Where Labor Day Came From, And Where It’s Going
Webster’s dictionary tells us that Labor Day was “set aside for special recognition of working people.”
That’s nice, but “set aside” by whom? It certainly wasn’t the Wall Street corporate and political powers that be. They nearly swallowed their cigars when the idea of honoring labor’s importance to America’s economy and social well-being was first proposed in 1882. Rather, this holiday was created by the workers themselves, requiring a 12-year grassroots struggle that finally culminated with an act of Congress in 1894.
The campaign helped coalesce unions into a national movement. And its message of labor’s essential role also countered the haughty insistence of the robber barons of that time. The barons insisted that they were America’s “makers” — the invaluable few whose monopolistic pursuits should be unfettered. For they claimed that they and their corporations were the God-ordained creators of wealth.
Notice that the American people do not celebrate a CEO Day, despite their bloated sense of self-importance. Indeed, as Abraham Lincoln put it, the real makers are the many ground-level workers who actually do the making: “Labor is prior to and independent of capital,” Abe declared in his first state of the union address. “Capital is only the fruit of labor, and could never have existed if labor had not first existed. Labor is the superior of capital, and deserves much the higher consideration.”
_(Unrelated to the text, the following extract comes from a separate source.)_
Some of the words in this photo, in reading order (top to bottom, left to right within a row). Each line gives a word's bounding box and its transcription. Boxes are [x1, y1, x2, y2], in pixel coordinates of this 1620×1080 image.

Yet on Labor Day 2013, robber barons are again ascendant, declaring that they owe nothing — not even a shared prosperity — to the workers, consumers, taxpayers, and other American people who sustain them. Quite the opposite, they and their political henchmen are blithely shredding America’s social contract and again insisting that the corporate elite must be unfettered, unions eliminated, and middle-class jobs Wal-Marted.
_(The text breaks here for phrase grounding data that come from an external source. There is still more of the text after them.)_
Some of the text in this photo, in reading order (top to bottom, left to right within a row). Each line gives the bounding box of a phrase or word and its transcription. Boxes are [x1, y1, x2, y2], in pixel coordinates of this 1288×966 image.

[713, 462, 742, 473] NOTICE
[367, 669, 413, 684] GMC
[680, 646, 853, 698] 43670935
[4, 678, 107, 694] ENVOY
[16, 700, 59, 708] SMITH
This intentional hollowing out of our middle class is not just ignorant, but also immoral
Yet today’s establishment economists are asking: Why are so many people so glum? The Great Recession ended in 2009, they note, and even job creation is picking up. So come on people — get happy!
Maybe Labor Day is a good time to clue them in to one big reality behind this so-called “recovery:” Most Americans haven’t recovered. Not by a long shot. In June, median household income was still $3,400 less than in 2007, when Wall Street’s crash started the collapse of our real economy.